ORACLE DATABASE PROBLEM AND SOLUTIONS

Saturday, January 13, 2018

Physical Database Storage Architecture

An Oracle database consists of files

Datafiles
Temp files
Control Files
Online Redo Log Files
Archived Redo Log Files
Parameter Files
Password Files
Alert and Trace Log Files
Backup Files

Datafiles:

Every Oracle database has one or more physical datafiles, which contain all the database data. The data of logical database structures, such as tables and indexes, is physically stored in the datafiles allocated for a database.
At the operating system level, Oracle Database stores database data in structures called data files. Every Oracle database must have data file.

Tempfiles:

Tempfiles are used with TEMPORARY tablespaces and are used for storing temporary data like sort ,spill-over or data for global temporary tables.

Control Files:

Every Oracle Database has a control file, which is a small binary file that records the physical structure of the database. The control file includes: The database name. Names and locations of associated datafiles and redo log files.Every time an instance of an Oracle database is started, its control file identifies the datafiles, tempfiles, and redo log files that must be opened for database operation to proceed.

Redo Log Files :

The most crucial structure for recovery operations is the redo log, which consists of two or more pre-allocated files that store all changes made to the database as they occur. Every instance of an Oracle Database has an associated redo log to protect the database in case of an instance failure.
Redo log files contain a chronological record of changes made to the database, and enable recovery when failures occur.To protect against a failure involving the redo log itself, Oracle Database lets you create a multiplexed redo log so that two or more copies of the redo log can be maintained on different disks.

Archived Redo Log Files:

Archived redo log files are database-generated offline copies of online redo log files. Oracle Database automatically archives redo log files when the database is in ARCHIVELOG mode. Oracle recommends that you enable automatic archiving of the online redo log.Archive redo log files contain history of data changes (redo) that is generated by instance .
When the database is running in ARCHIVELOG mode, the log writer process (LGWR) cannot reuse and hence overwrite a redo log group until it has been archived.An archived redo log file is a copy of one of the filled members of a redo log group.

Parameter Files:

Parameter files contain a list of configuration parameters for that instance and database.There are two types of parameter files.

PFILE : The init.ora file (also called the PFILE) is a static parameter file. It contains parameters that specify how the database instance is to start up. For example, some parameters will specify how to allocate memory to the various parts of the system global area.

SPFILE : The spfile.ora is a dynamic parameter file. It also stores parameters to specify how to startup a database; however, its parameters can be modified while the database is running.
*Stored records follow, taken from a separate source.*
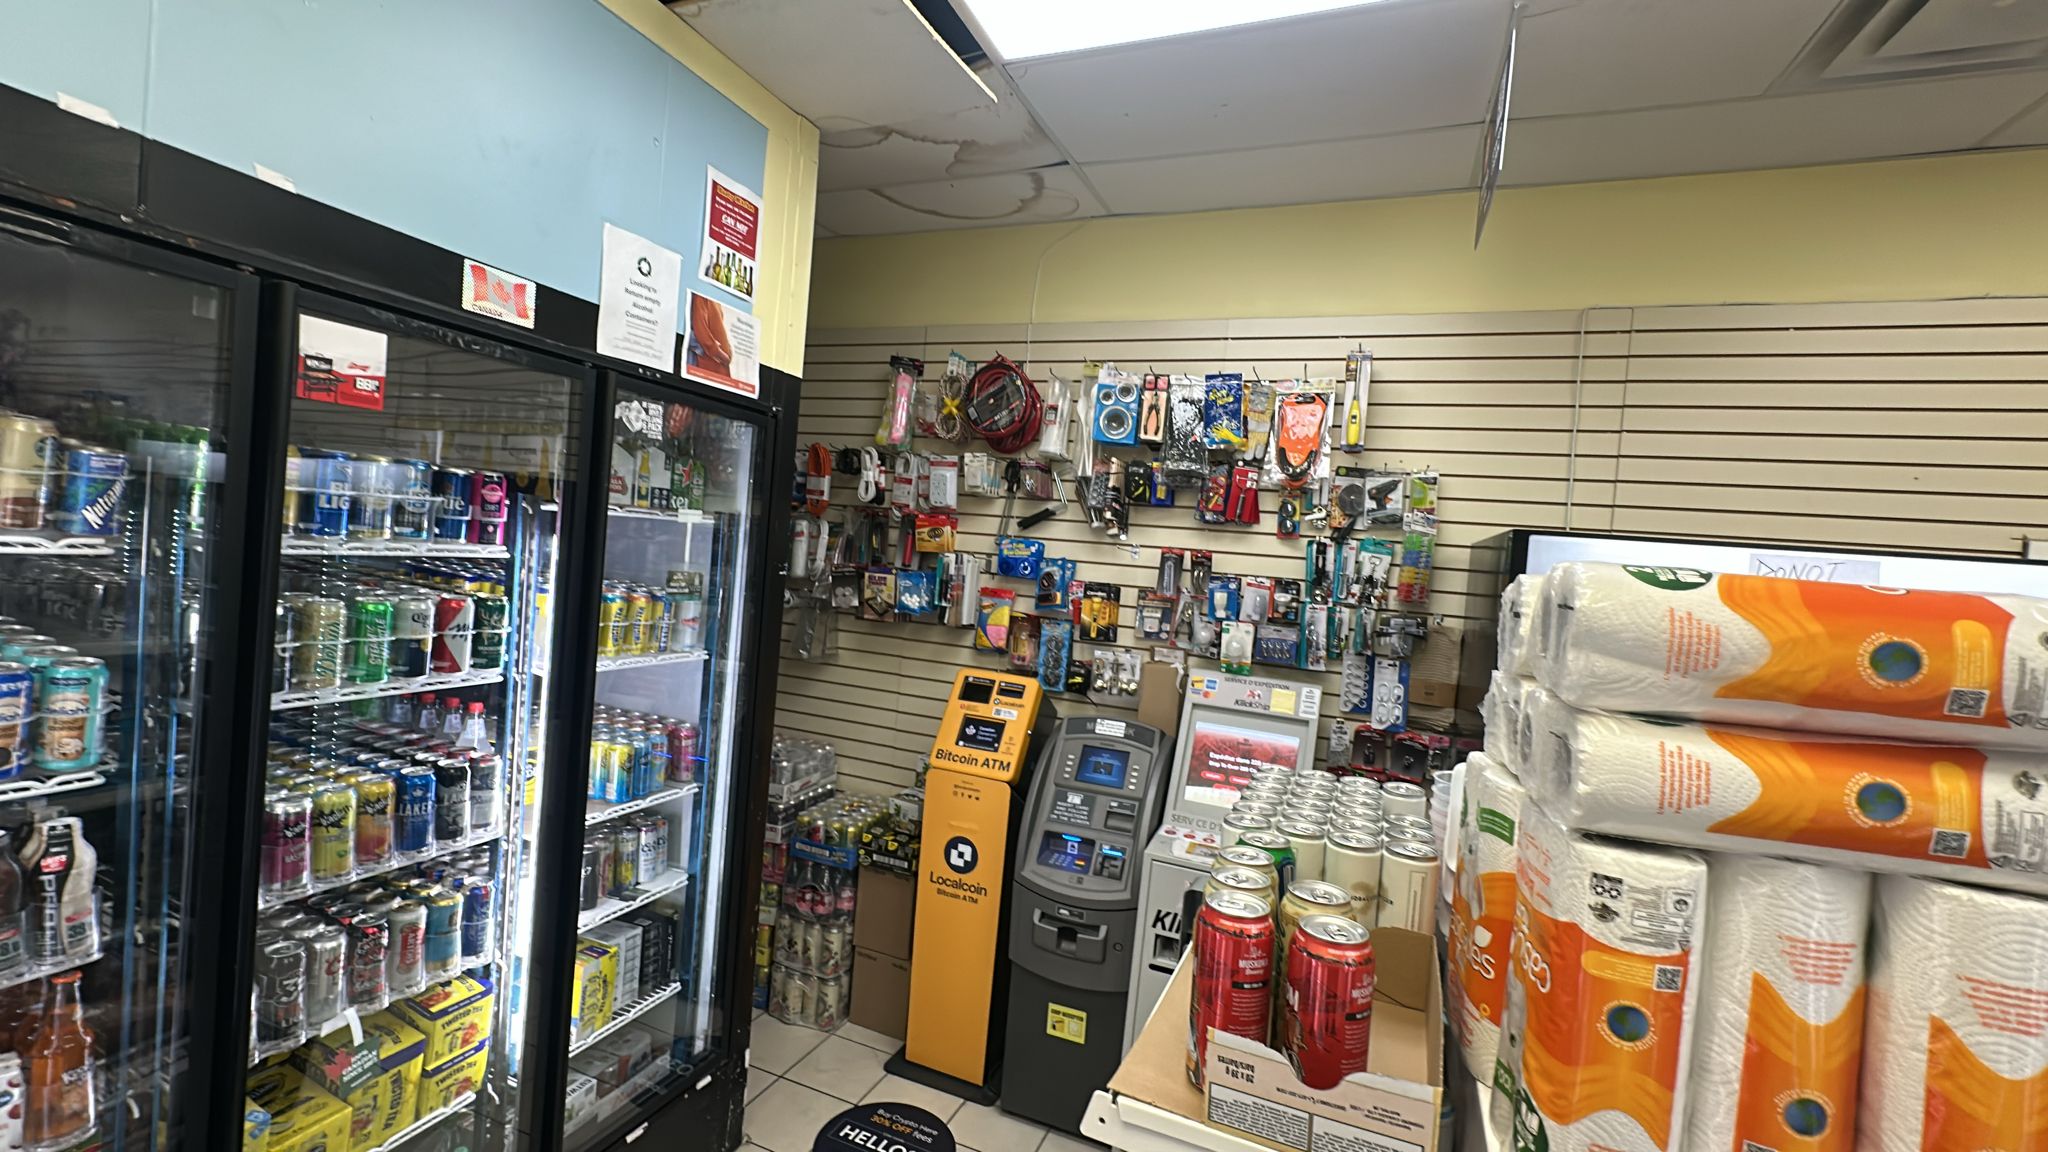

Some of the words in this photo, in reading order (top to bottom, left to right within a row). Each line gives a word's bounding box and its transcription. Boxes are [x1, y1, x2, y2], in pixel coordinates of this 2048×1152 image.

[935, 748, 979, 767] Bitcoin
[980, 757, 1012, 773] ATM
[929, 870, 988, 897] Localcoin
[936, 887, 961, 901] Bitcoin
[960, 894, 979, 905] ATM
[891, 1122, 914, 1135] OFF
[892, 1113, 919, 1129] Crypto
[838, 1123, 917, 1152] HELLO
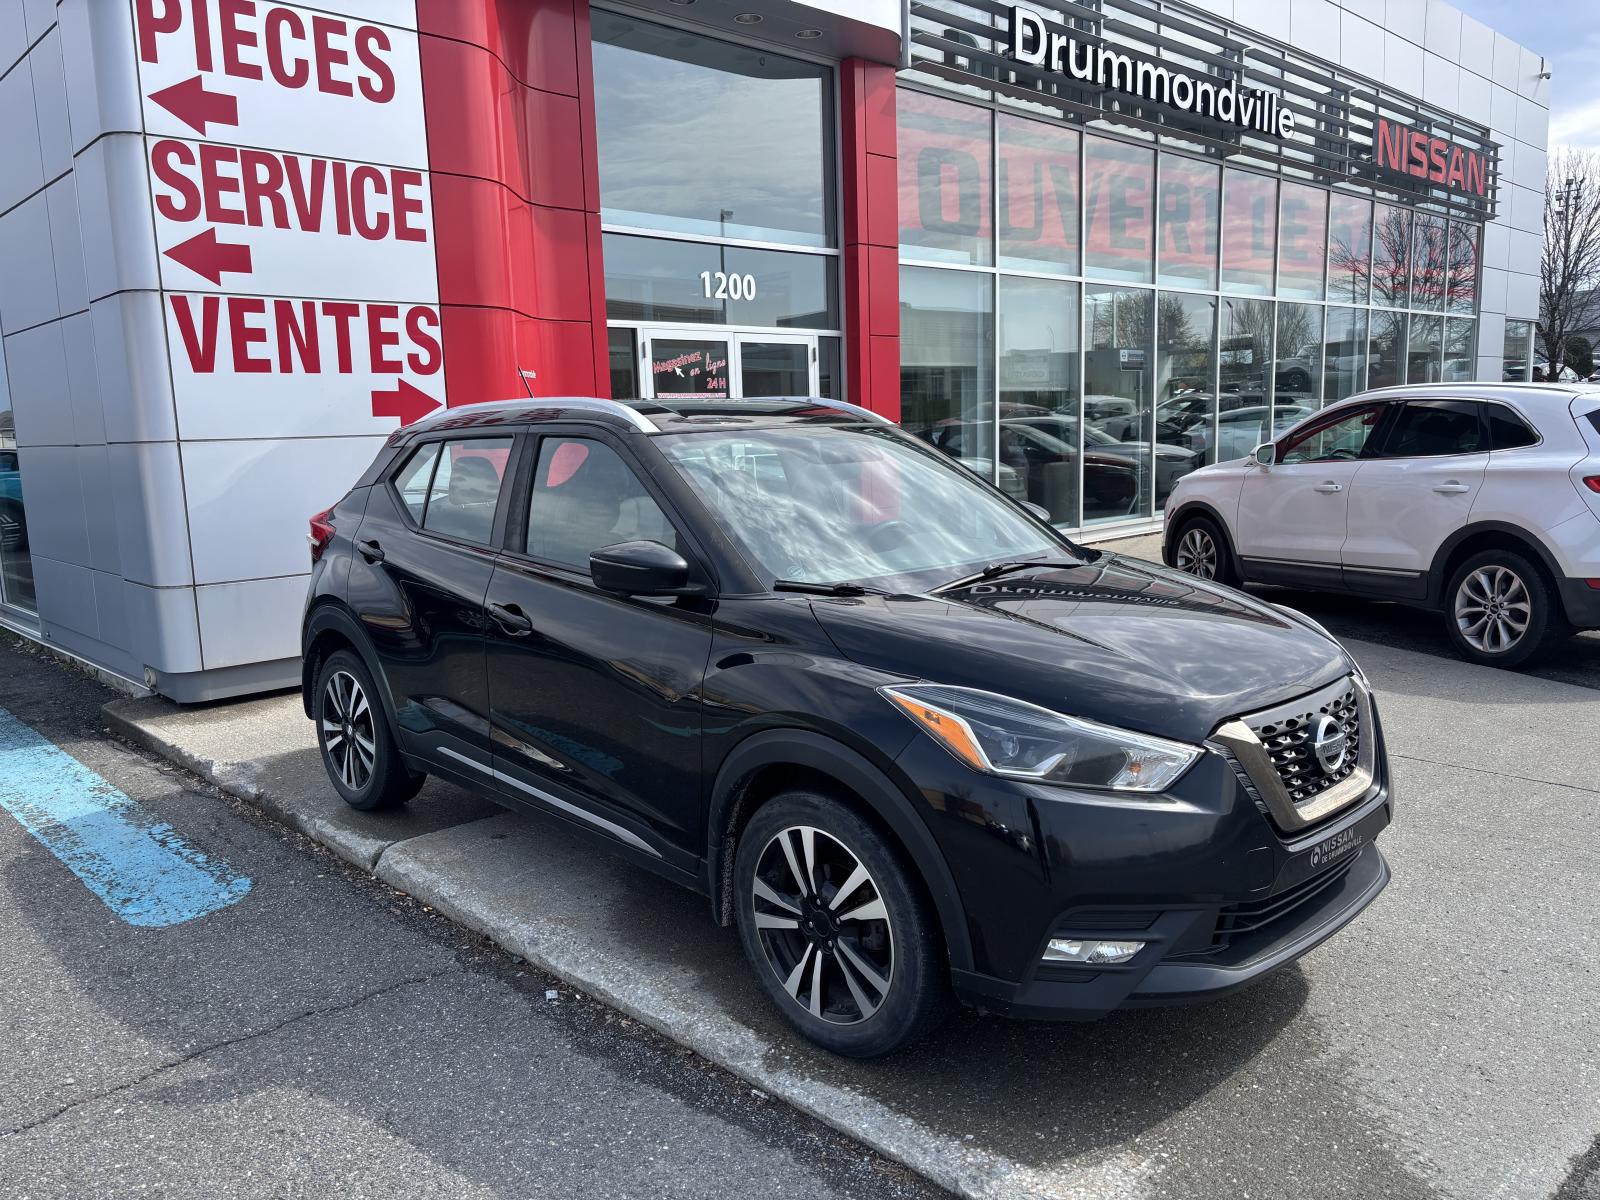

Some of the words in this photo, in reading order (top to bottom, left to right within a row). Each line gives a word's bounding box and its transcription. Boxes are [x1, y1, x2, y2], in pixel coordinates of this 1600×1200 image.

[136, 0, 396, 104] PIECES
[1013, 6, 1296, 139] Drummondville
[151, 139, 428, 243] SERVICE
[917, 146, 1229, 256] OUVERT
[1377, 119, 1485, 196] NISSAN
[700, 270, 756, 301] 1200
[169, 294, 443, 376] VENTES
[1321, 826, 1354, 855] NISSAN
Password file : specifies which *special* users are authenticated to startup/shut down an Oracle Instance. its use to authenticate users over network.

Trace Log Files : Each server and background process can write to an associated trace file. When an internal error is detected by a process, the process dumps information about the error to its trace file. Some of the information written to a trace file is intended for the database administrator, while other information is for Oracle Support Services. Trace file information is also used to tune applications and instances.

Alert Files : The alert file, or alert log, is a special trace file. The alert log of a database is a chronological log of messages and errors.

Backup files :

To restore a file is to replace it with a backup file. Typically, you restore a file when a media failure or user error has damaged or deleted the original file.
User-managed backup and recovery requires you to actually restore backup files before you can perform a trial recovery of the backups.
Server-managed backup and recovery manages the backup process, such as scheduling of backups, as well as the recovery process, such as applying the correct backup file when recovery is needed.

Connecting to Oracle Instance

Connecting to an Oracle Instance (User Process & Server Process)

Before users can submit SQL statements to an Oracle database, they must connect to an instance.

User Process:
User_process

A database user who needs to request information from the database must first make a connection with the Oracle server. The connection is requested using a database interface tool, such as SQL*Plus, and beginning the user process. The user process does not interact directly with the Oracle server. Rather it generates calls through the user program interface (UPI), which creates a session and starts a server process.

Server Process:

Once a user has established a connection, a server process is started to handle the user processes requests. A server process can be either a dedicated server process or a shared server process. In a dedicated server environment, the server process handles the request of a single user process. Once a user process disconnects, the server process is terminated. In a shared server environment, the server process handles the request of several user processes.The server process communicates with the Oracle server using the Oracle Program Interface.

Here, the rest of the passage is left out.